5ème chambre du Conseil d’État, le 14 février 2025, n°475847

L’arrêt rendu par le Conseil d’État le 14 février 2025 illustre avec clarté la temporalité à laquelle l’administration doit se tenir pour apprécier la légalité d’une demande soumise à son autorisation. En l’espèce, une exploitation agricole a sollicité l’autorisation d’exploiter une surface de près de dix-huit hectares. Par un arrêté du 18 novembre 2019, le préfet de la région Grand-Est a rejeté cette demande, au motif que l’opération aurait pour conséquence de réduire la superficie d’une autre exploitation en deçà du seuil de viabilité fixé par le schéma directeur régional.

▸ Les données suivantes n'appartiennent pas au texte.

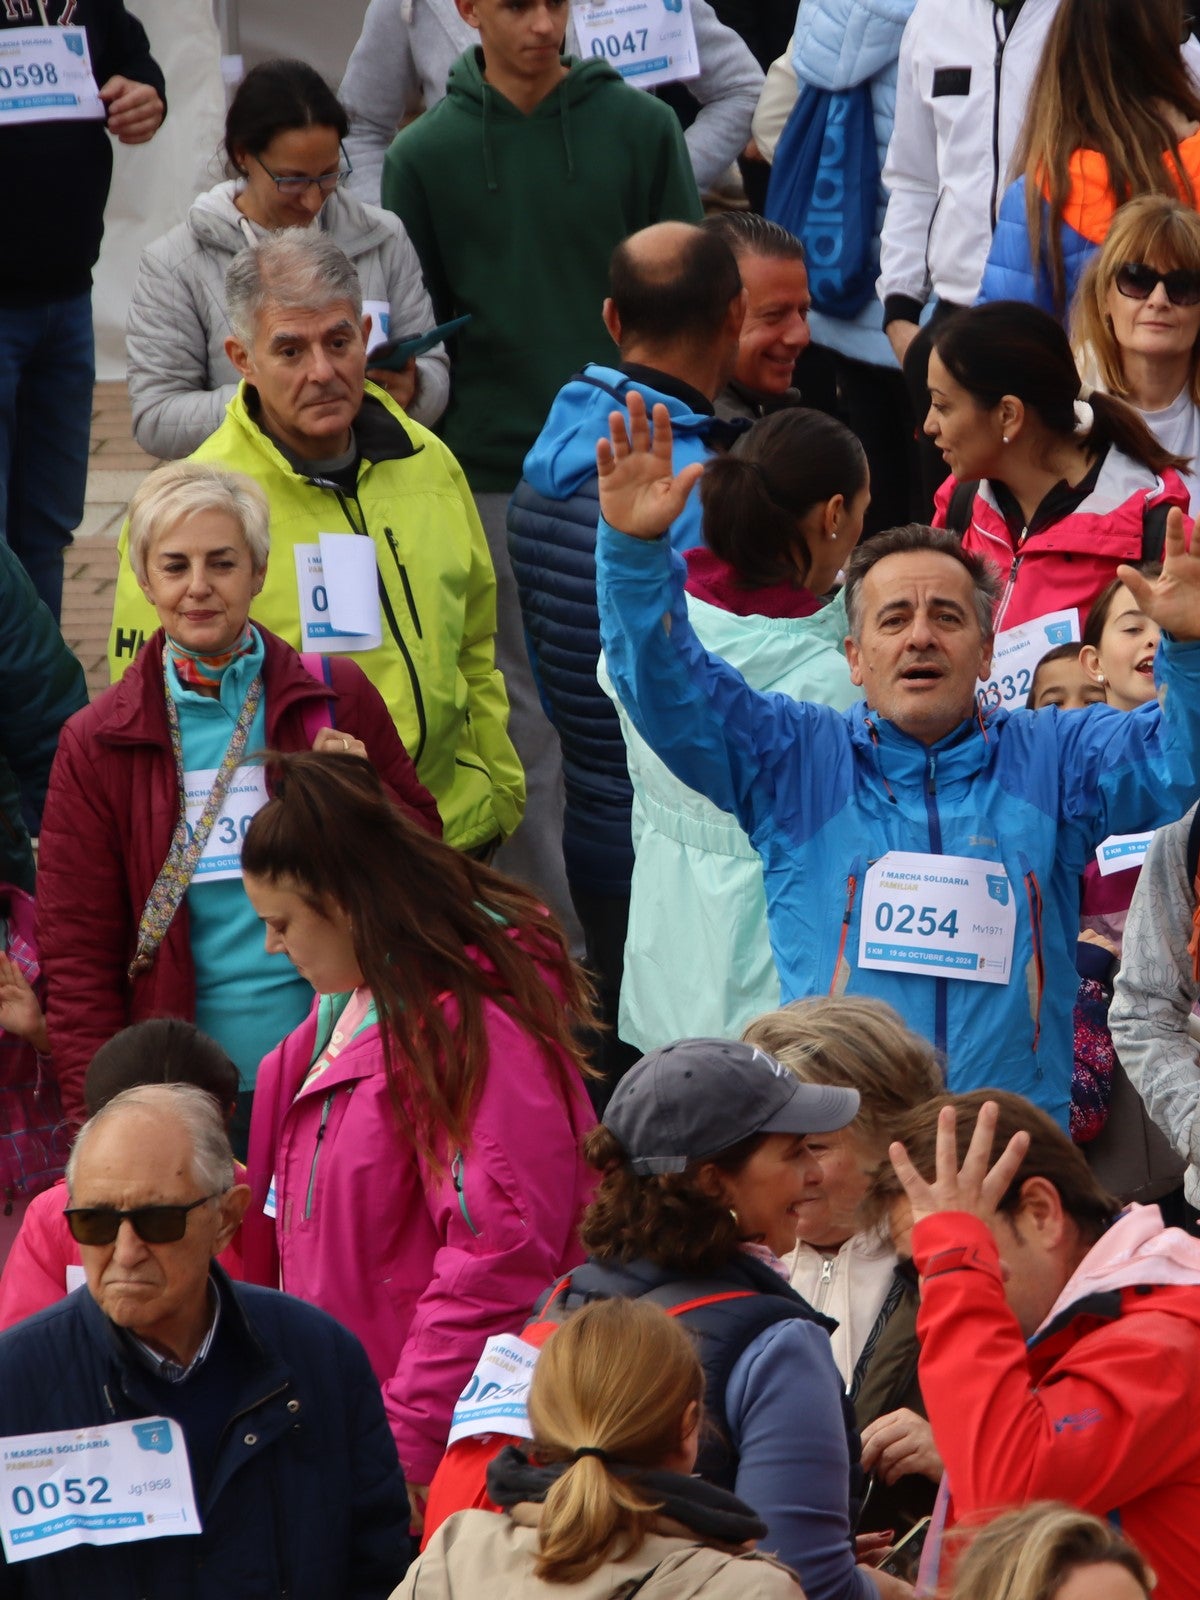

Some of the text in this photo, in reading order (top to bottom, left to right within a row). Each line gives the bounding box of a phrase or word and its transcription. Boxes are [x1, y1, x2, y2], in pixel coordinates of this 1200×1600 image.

[591, 28, 648, 57] 0047
[0, 62, 58, 89] 0598
[977, 668, 1031, 706] 0332
[184, 788, 211, 798] ARCHA
[879, 880, 919, 891] FAMILIAR
[886, 872, 921, 881] MARCHA
[923, 875, 969, 886] SOLIDARIA
[875, 902, 959, 939] 0254
[972, 924, 1003, 936] Mv1971
[867, 947, 883, 956] 5 KM
[898, 950, 907, 958] de
[908, 951, 944, 962] OCTUBRE
[945, 955, 954, 963] de
[955, 956, 972, 965] 2024
[490, 1345, 523, 1364] ARCHA
[10, 1448, 53, 1459] MARCHA
[55, 1439, 110, 1454] SOLIDARIA
[6, 1459, 53, 1471] FAMILIAR
[127, 1478, 172, 1496] Jg1958
[12, 1476, 112, 1515] 0052
[65, 1517, 104, 1529] OCTUBRE
[118, 1515, 137, 1524] 2024

La société demanderesse a alors saisi le tribunal administratif de Châlons-en-Champagne d’un recours pour excès de pouvoir, lequel a été rejeté par un jugement du 25 février 2021. Saisie en appel par la société requérante, la cour administrative d’appel de Nancy, dans un arrêt du 9 mai 2023, a annulé ce jugement ainsi que la décision préfectorale. Elle a estimé que le préfet aurait dû tenir compte de certaines évolutions futures et suffisamment certaines de la situation de l’exploitation tierce, qui auraient compensé la perte de surface. Le ministre de l’agriculture et de la souveraineté alimentaire a formé un pourvoi en cassation contre cet arrêt. Se posait donc au Conseil d’État la question de savoir si l’autorité administrative, pour apprécier les conséquences d’une autorisation d’exploiter, peut se fonder sur des faits futurs, bien que jugés probables, mais non encore constitués à la date de sa décision. La Haute Juridiction administrative répond par la négative, cassant l’arrêt de la cour administrative d’appel. Elle juge que l’autorité préfectorale doit statuer « en considération des seuls éléments de droit et de fait qui prévalent à la date de sa décision », et que la cour a commis une erreur de droit en se fondant sur des événements au caractère hypothétique à cette date.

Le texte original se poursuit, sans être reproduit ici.